And this is why an entire society based on redistribution of the ah… burdens of civilization is crazy. No one can know what others can carry. No one can know when others are being crushed. We can guess, but we can’t know. And we certainly can’t do it by numbers. Humans are not widgets.

What we need is a decent understanding that all of us are supposed to do our parts to the limit of our abilities – pick up your cross and carry it, if you will – and that reliance on others (when not mutual) is vaguely indecent; coupled with the understanding that when we need help we SHOULD be given it, because if someone is that broken as to be asking, then it’s a desperate situation.

Will there be abuses?

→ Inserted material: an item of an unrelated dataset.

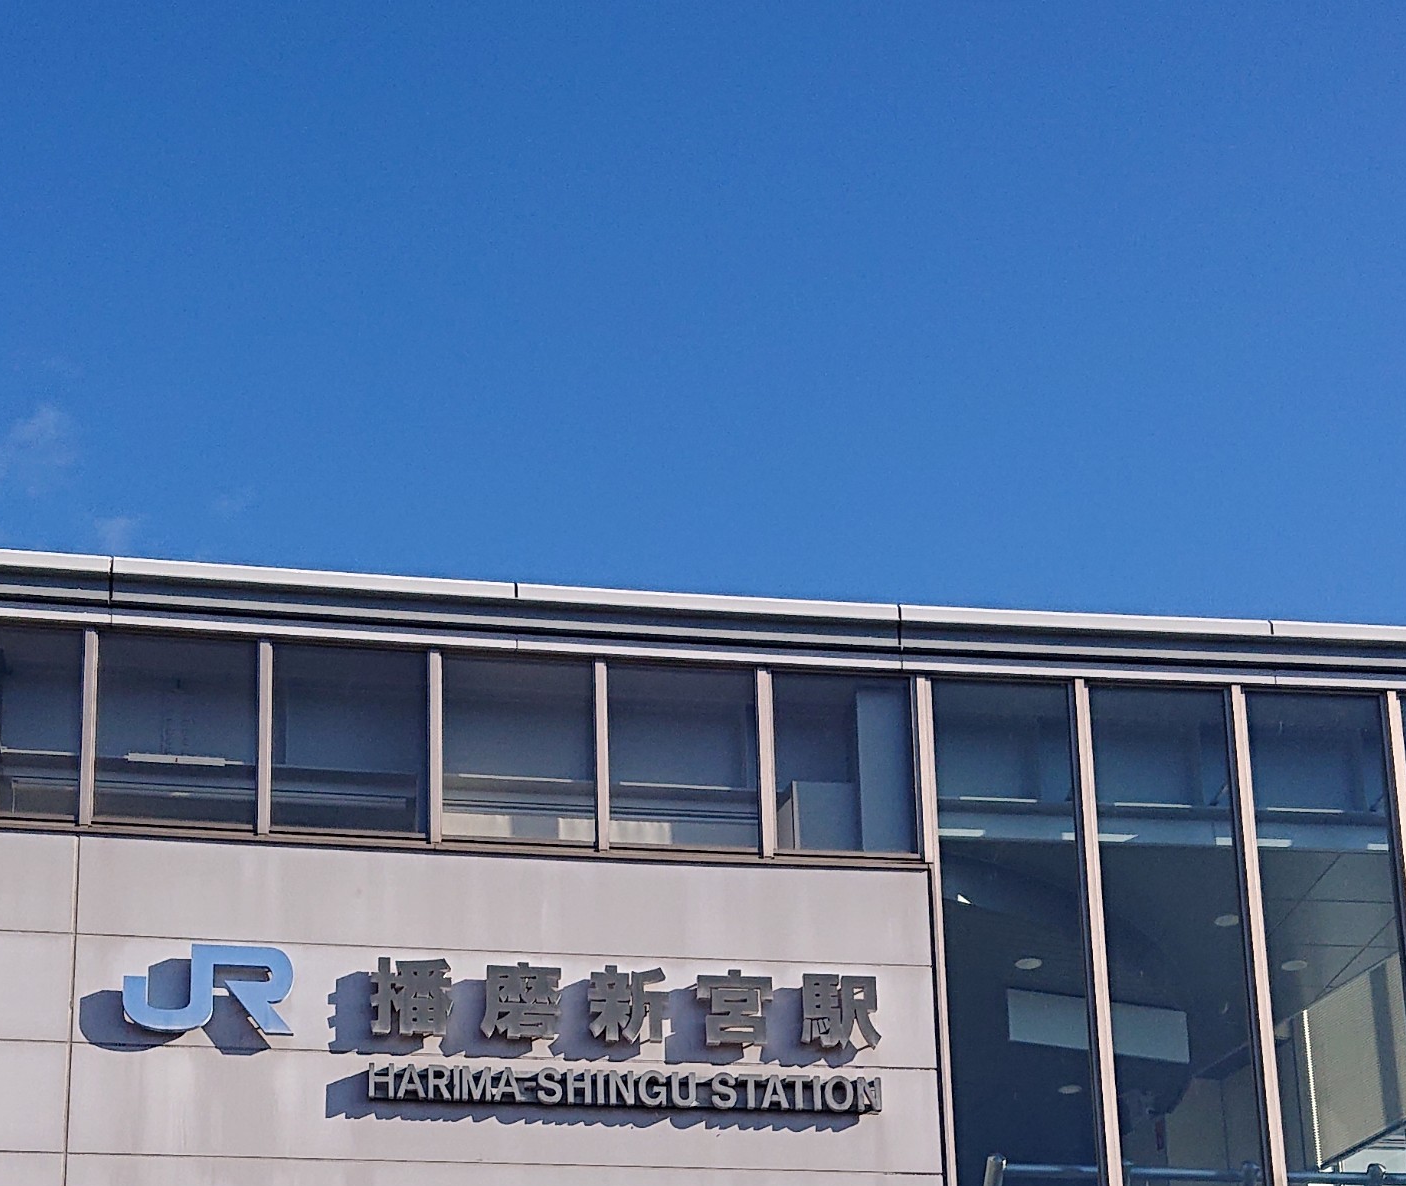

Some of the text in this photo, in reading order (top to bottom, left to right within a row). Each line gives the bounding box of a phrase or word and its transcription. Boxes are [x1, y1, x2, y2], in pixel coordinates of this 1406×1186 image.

Oh, of course. As I said, some people think “I broke my arm, your argument is invalid” is a proper trump card.

Some people will think being made to earn a living is a terrible imposition. Which is why we can’t do it by the numbers and charity – all charity, even government charity if that’s to continue (and we all know my opinion on that, right?*) — should be as local and as granular as possible, because we might not be able to see inside each other’s lives, but to the extent we have limited visibility, it helps to be close enough to see it day to day.

Will the system be gamed? What, because it isn’t now? Sure it will. But at least we won’t be treating people as widgets, and we stand a better chance of helping those who really need it.

And yeah, I know this entire idea and $2 (I’ll destroy Chicago for $2!  Sale) will get me a cup of coffee.

And now I’ll shut up and go iron clothes.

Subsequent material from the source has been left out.